Due to the Election Day holiday on Tuesday, there is no Seminar today.
Title: Oops! I’m on the wrong patient: Evaluating System-Level Interventions for Preventing Wrong-Patient Electronic Orders
Bio: Dr. Adelman’s Patient Safety Research Program began with the development of the Wrong-Patient Retract-and-Reorder (RAR) Measure—a valid and reliable method of quantifying the frequency of wrong-patient orders placed in electronic ordering systems. The Wrong-Patient RAR measure was the first automated measure of medical errors and the first Health IT Safety Measure endorsed by the National Quality Forum. The RAR method identifies thousands of near-miss, wrong-patient errors per year in large health systems, enabling researchers to test interventions to prevent this type of error.
The Wrong-Patient RAR measure has been used to evaluate the effectiveness of patient safety interventions in several studies conducted in different electronic health record systems and clinical settings, including in the neonatal intensive care unit (NICU). The measure is the primary outcome measure for supported by the Agency for Healthcare Research and Quality (R21HS023704, R01HS024945) and the National Institute for Child Health and Human Development (R01HD094793). Additional research is underway to extend the RAR methodology to other types of errors, such as wrong-drug errors, and develop new health IT safety measures (R01HS024538).

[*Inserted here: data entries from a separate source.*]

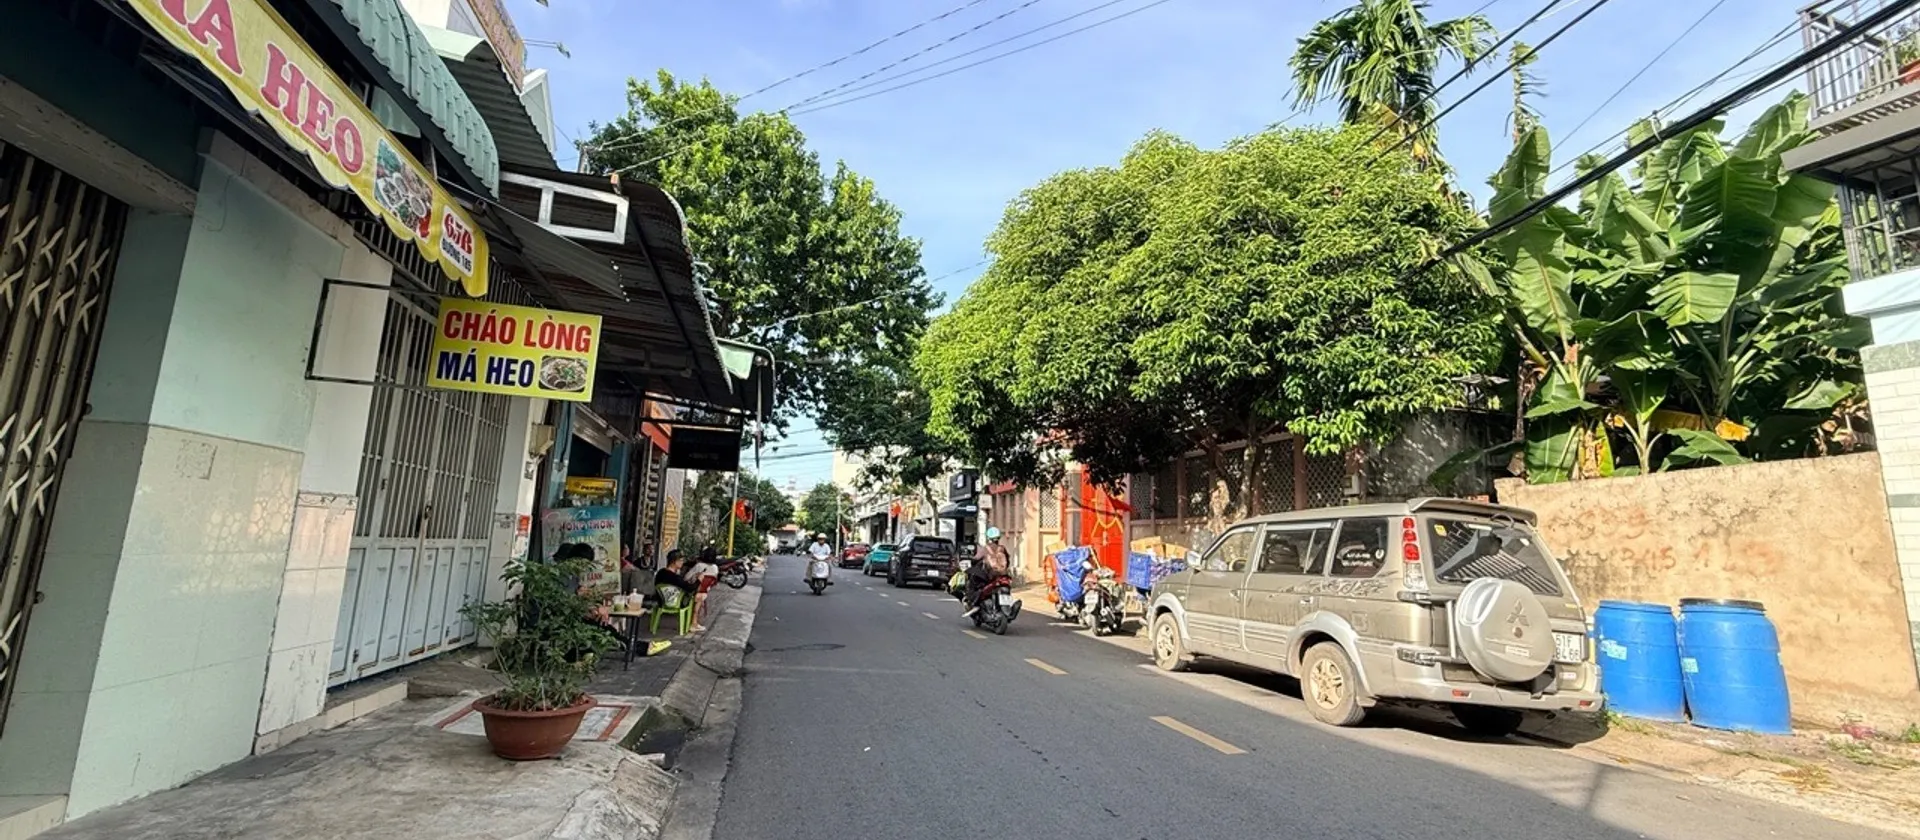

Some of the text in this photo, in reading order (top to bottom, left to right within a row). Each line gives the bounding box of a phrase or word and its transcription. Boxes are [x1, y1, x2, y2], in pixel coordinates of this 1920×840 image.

[260, 42, 364, 175] HEO
[444, 213, 473, 255] 65B
[443, 309, 593, 353] CHÁO LÒNG
[436, 347, 536, 388] MÁ HEO
[1555, 634, 1573, 648] 51F
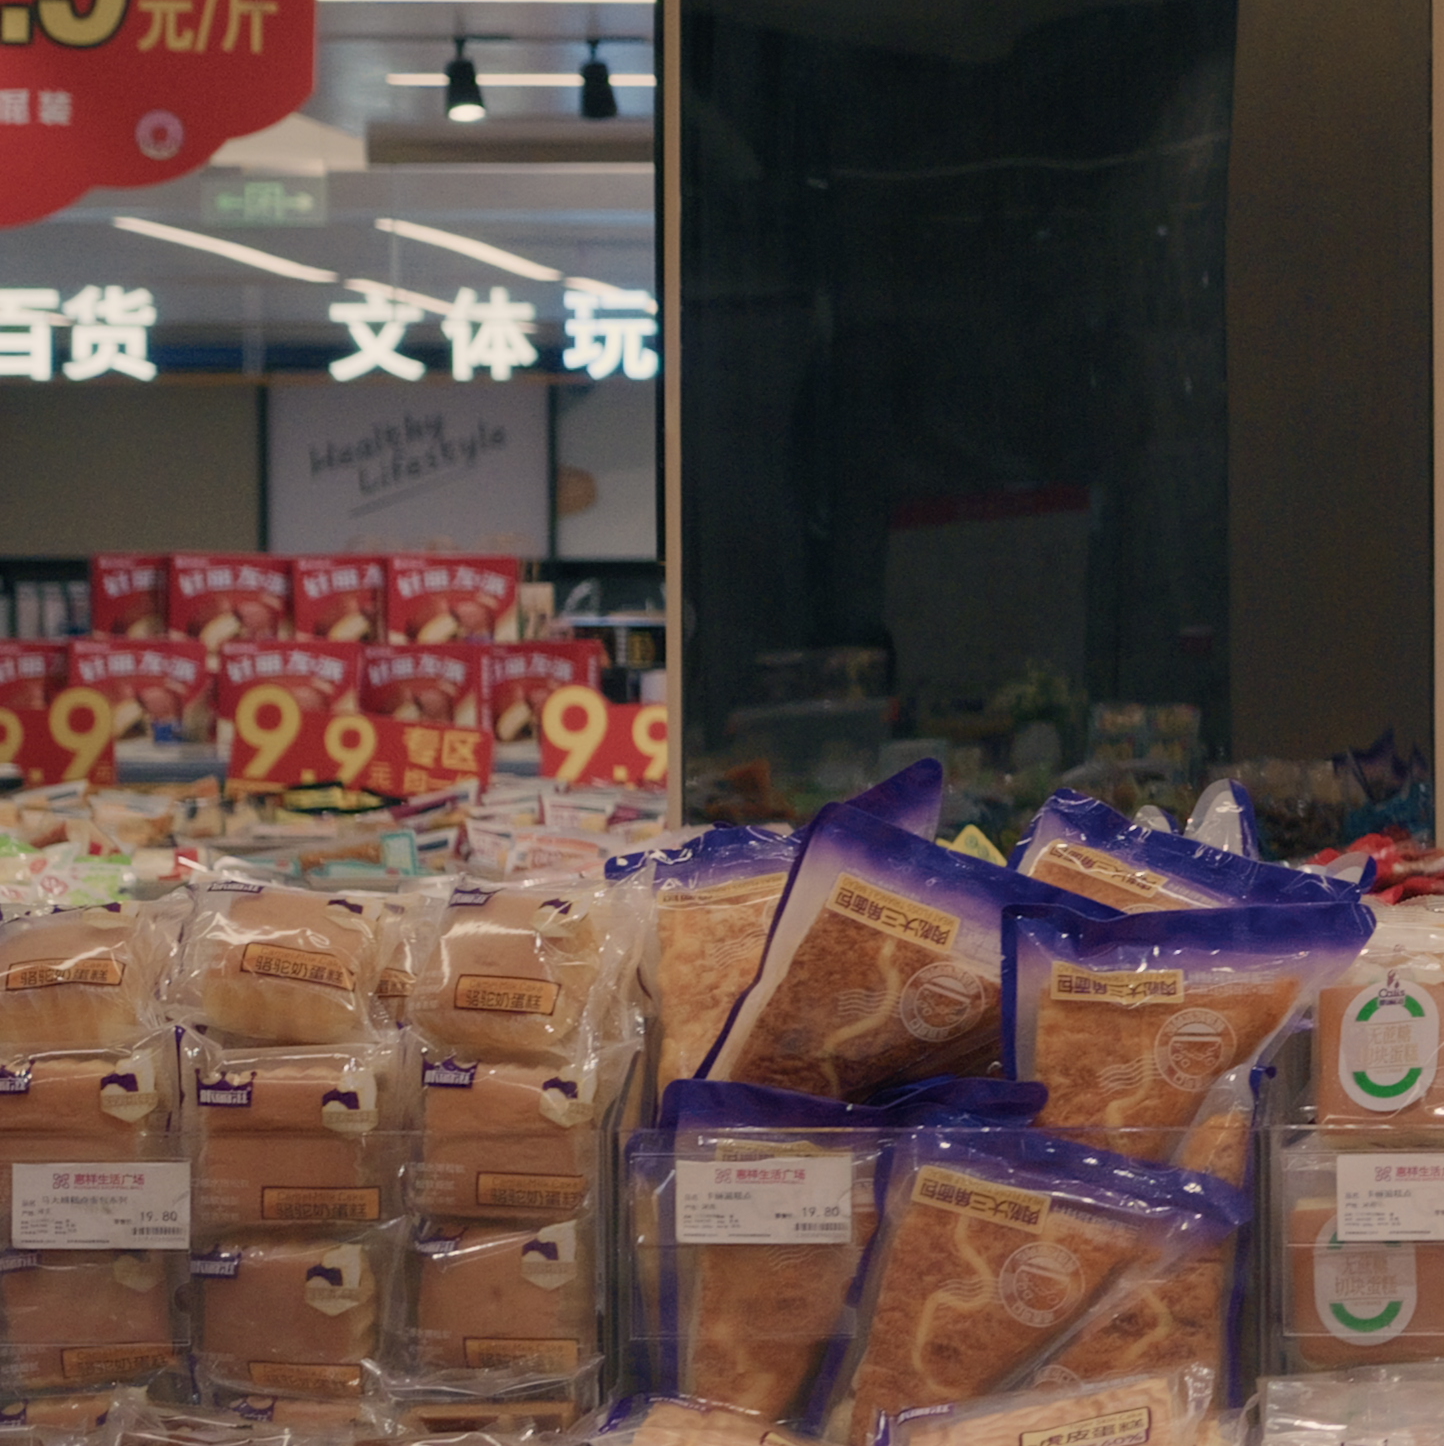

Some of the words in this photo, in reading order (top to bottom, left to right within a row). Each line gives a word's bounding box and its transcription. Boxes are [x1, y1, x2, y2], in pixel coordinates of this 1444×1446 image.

[235, 685, 378, 785] 9.9
[834, 886, 952, 947] 肉松大三角面包
[254, 955, 346, 987] 骆驼奶蛋糕
[73, 1172, 145, 1187] 惠祥生活广场
[735, 1168, 806, 1181] 惠祥生活广场
[801, 1207, 841, 1218] 19.80
[918, 1177, 1041, 1228] 肉松大三角面包
[140, 1211, 179, 1223] 19.80
[1333, 1273, 1398, 1298] 切块蛋糕
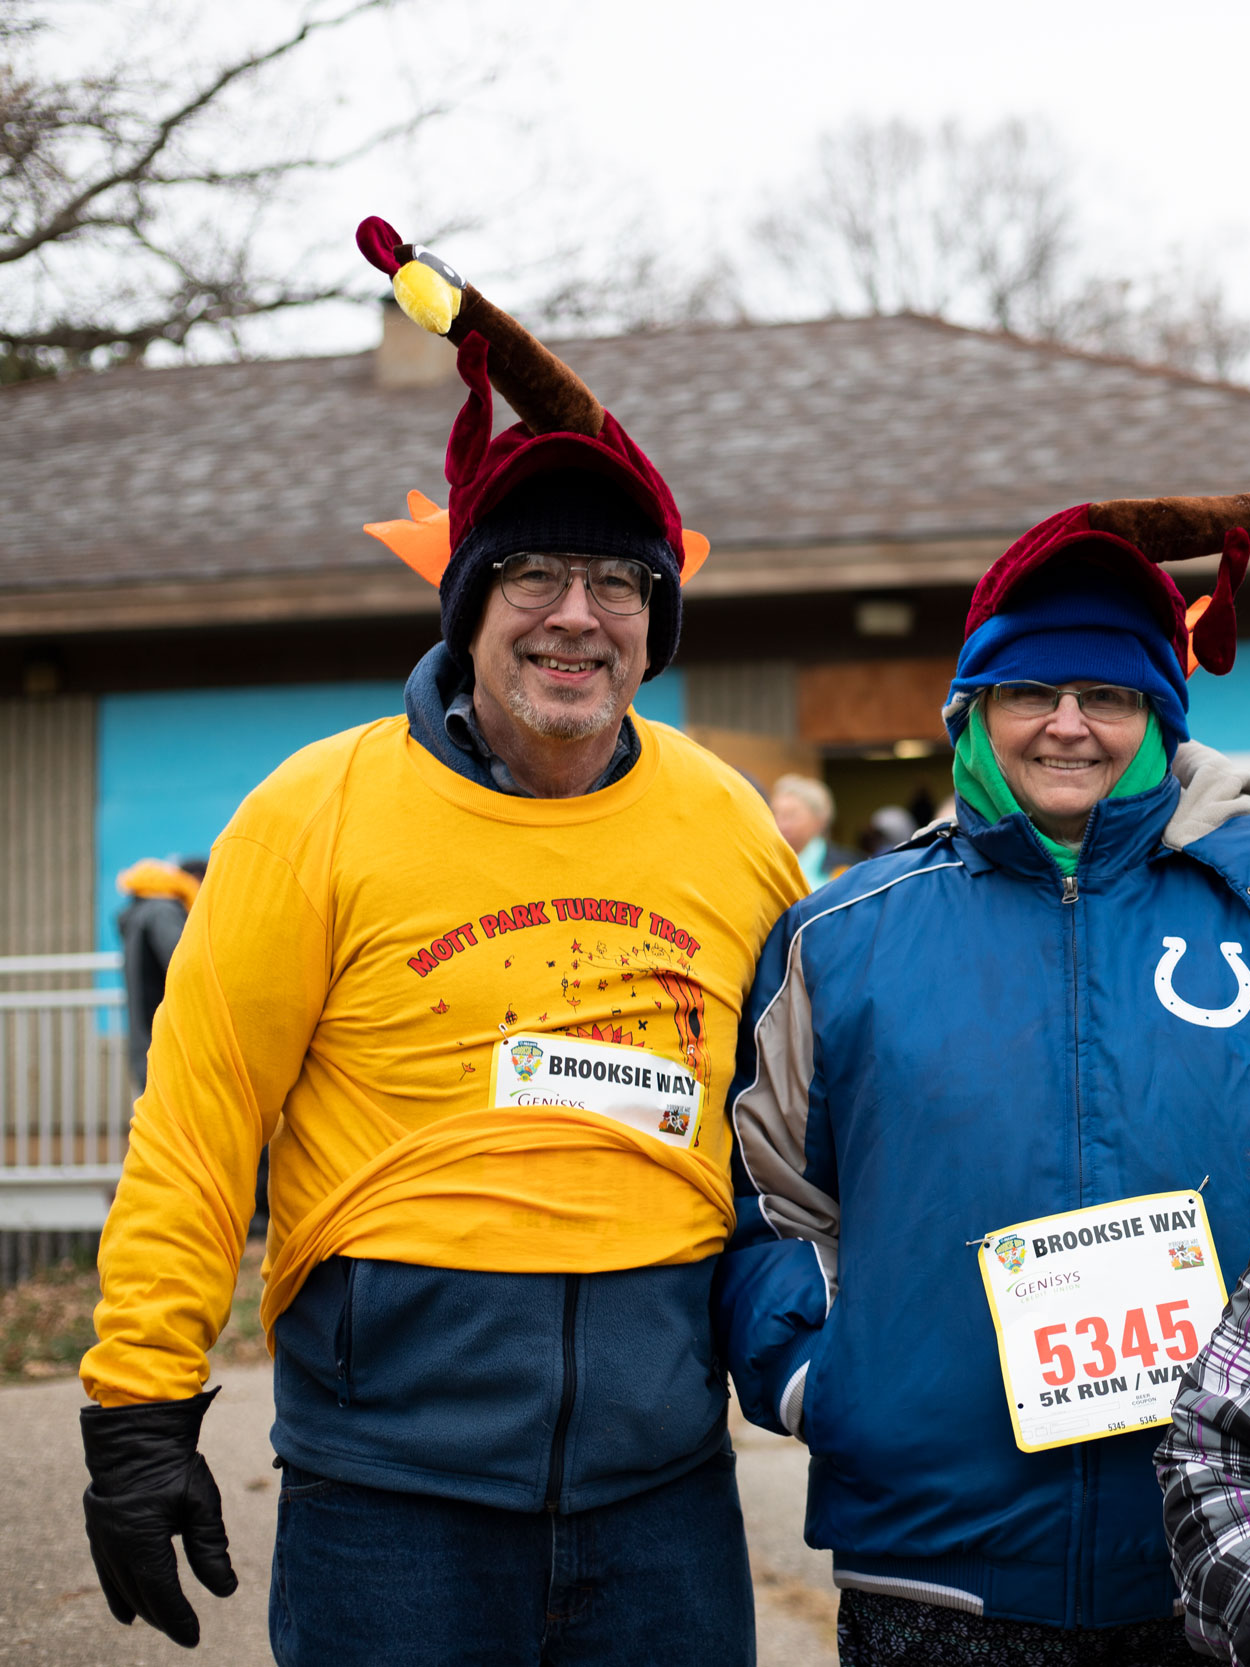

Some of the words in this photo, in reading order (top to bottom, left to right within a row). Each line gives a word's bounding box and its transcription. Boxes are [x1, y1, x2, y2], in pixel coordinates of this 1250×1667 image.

[407, 923, 478, 978] MOTT
[480, 901, 550, 938] PARK
[551, 898, 643, 927] TURKEY
[649, 912, 701, 958] TROT
[549, 1055, 652, 1089] BROOKSIE
[656, 1071, 696, 1097] WAY
[1032, 1216, 1145, 1259] BROOKSIE
[1149, 1208, 1197, 1233] WAY
[1034, 1299, 1200, 1387] 5345
[1039, 1387, 1072, 1408] 5K
[1077, 1376, 1128, 1400] RUN
[1135, 1373, 1141, 1391] /
[1147, 1362, 1193, 1385] WA
[1107, 1421, 1126, 1432] 5345
[1139, 1414, 1158, 1425] 5345

Results of Dr. Adelman’s research led to national patient safety guidance, including a recommendation issued by the Office of the National Coordinator for Health Information Technology that healthcare organizations use the Wrong-Patient RAR measure to monitor the frequency of wrong-patient orders. Effective 2019, The Joint Commission will require that hospitals adopt a distinct newborn naming convention that incorporates the mother’s first name, based on studies by Adelman and colleagues.